A longer section, Central Asia to Arabia, deals with Islamic civilisation, with its borrowings from Persia and Byzantium, as well as the re-assertion of Persian culture in the east under the Samanid Dynasty in Khorasan. Again the spread of learning is a fascinating subject, with the translation of Greek texts into Arabic, often by Persian scholars, as well as original texts. There is, for example a copy of the Compendium on calculation (originally written around 980) by the Persian polymath Al-Khwarizmi, whose Latinised name gave us the word “algorithm”.
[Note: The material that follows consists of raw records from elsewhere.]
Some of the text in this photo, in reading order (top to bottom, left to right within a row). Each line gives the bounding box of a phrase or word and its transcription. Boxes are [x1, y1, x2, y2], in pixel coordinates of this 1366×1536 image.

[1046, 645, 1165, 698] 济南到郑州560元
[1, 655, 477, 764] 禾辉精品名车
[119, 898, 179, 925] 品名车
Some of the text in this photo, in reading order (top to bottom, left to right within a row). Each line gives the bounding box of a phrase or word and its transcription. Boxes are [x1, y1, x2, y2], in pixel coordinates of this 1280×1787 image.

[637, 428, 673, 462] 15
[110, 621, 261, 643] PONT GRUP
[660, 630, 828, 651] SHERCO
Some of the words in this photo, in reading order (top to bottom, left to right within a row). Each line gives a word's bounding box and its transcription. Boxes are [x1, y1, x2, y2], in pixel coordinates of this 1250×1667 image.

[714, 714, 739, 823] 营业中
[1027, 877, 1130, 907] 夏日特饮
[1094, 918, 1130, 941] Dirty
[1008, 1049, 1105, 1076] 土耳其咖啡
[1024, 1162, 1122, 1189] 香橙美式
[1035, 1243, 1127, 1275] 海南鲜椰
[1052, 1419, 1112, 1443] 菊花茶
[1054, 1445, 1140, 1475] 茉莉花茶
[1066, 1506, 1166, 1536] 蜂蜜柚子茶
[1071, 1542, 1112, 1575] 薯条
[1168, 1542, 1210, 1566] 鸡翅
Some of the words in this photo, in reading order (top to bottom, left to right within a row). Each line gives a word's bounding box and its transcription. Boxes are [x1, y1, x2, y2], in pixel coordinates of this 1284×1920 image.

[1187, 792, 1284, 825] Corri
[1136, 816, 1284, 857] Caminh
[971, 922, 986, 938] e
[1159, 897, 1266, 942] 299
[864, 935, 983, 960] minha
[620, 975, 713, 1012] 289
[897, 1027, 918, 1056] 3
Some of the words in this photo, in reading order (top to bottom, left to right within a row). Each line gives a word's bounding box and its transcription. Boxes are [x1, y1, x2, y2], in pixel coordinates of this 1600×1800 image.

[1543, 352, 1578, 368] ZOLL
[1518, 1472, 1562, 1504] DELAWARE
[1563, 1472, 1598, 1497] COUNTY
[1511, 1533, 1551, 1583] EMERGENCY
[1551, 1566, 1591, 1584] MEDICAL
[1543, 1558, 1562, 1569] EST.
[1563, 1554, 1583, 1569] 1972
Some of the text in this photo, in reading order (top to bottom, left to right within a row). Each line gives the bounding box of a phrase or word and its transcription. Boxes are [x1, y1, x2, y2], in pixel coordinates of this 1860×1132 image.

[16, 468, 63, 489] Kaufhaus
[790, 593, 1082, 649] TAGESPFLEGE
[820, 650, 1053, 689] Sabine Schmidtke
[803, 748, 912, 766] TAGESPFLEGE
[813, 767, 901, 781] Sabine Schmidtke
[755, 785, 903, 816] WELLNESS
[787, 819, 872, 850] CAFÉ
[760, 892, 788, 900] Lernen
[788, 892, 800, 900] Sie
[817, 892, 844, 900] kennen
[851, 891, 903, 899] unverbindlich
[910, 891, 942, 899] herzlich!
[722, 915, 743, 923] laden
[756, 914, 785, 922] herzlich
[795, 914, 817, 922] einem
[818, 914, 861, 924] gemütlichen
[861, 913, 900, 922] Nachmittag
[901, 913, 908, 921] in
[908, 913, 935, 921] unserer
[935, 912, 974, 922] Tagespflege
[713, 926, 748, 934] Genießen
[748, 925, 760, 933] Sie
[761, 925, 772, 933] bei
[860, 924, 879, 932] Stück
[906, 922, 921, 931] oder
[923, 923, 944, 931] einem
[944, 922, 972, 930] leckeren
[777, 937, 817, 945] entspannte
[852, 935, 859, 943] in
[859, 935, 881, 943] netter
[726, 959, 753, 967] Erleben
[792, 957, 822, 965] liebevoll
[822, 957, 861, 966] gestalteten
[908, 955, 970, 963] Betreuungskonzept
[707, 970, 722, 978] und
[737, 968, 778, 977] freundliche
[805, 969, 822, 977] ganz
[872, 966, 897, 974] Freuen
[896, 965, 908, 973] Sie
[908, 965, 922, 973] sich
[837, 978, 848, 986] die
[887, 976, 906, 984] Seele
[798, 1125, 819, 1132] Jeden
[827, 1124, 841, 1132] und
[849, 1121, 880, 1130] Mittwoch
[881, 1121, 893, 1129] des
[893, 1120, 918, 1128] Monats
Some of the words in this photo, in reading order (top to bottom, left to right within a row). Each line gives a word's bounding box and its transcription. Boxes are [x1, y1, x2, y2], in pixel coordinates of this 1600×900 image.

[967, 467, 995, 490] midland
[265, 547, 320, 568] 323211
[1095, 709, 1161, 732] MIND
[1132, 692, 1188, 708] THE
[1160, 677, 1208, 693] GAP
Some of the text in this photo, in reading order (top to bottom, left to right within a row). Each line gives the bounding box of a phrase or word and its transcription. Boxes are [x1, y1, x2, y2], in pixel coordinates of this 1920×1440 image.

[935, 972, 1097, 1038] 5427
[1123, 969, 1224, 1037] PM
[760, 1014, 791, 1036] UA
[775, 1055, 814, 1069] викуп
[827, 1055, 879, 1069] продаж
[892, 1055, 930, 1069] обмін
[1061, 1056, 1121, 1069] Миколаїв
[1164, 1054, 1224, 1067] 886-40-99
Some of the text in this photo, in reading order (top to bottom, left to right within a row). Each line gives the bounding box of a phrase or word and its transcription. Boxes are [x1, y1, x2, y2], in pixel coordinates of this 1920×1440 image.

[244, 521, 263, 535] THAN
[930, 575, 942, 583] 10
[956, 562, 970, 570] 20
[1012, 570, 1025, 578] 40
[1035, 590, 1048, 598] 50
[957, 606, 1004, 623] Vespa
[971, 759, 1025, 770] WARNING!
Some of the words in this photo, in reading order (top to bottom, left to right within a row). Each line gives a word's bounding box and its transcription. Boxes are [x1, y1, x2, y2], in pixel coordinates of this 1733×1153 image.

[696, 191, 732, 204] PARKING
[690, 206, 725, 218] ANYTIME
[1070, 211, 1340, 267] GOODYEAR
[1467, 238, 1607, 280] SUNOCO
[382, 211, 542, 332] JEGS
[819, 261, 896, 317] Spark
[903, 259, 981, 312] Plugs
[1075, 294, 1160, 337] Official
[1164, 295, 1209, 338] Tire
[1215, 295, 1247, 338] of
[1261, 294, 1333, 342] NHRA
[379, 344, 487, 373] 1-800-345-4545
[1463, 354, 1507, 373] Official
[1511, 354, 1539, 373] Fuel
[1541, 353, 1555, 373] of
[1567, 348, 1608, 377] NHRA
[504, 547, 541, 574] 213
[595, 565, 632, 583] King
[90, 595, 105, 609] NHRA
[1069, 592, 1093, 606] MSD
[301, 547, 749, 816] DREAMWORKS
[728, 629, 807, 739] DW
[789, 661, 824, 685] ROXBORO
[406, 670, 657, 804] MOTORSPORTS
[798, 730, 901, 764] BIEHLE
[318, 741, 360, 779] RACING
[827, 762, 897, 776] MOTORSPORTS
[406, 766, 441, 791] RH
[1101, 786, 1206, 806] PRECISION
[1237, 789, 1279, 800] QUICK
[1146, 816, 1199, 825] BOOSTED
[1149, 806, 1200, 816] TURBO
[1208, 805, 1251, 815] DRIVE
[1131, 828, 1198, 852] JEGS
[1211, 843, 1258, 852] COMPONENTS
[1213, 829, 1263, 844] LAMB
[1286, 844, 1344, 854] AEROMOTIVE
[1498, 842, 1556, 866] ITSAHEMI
The penultimate section, Mediterranean connections, takes us to Constantinople, the most important western terminus of this network of trade from the east, and to Egypt, one of the most valuable parts of the Byzantine empire until its conquest by the Arabs. In Cairo, the Ben Ezra Synagogue had its own “sacred waste” store, called a “geniza”, which survived until modern times; some 400,000 documents were sold to European and American libraries at the end of the 19th century and are still a treasure for researchers, including both scriptural and secular texts in the ancient and medieval languages of the middle east.
Northwest Europe, the final section, touches on the Carolingian world, but also on Anglo-Saxon Britain after the end of Roman imperial rule, arguing that far from becoming a backwater isolated from the restless dynamism of the Eurasian continent, Britain remained part of the astonishingly complex network that is evoked at the opening of the exhibition with a small copper alloy figure of the Buddha found in Sweden on the coast of the Baltic Sea.
Silk Roads.British Museum to February 23.
The Silk Roads catalogue by Sue Brunning et al, is available in Australia at various bookshops.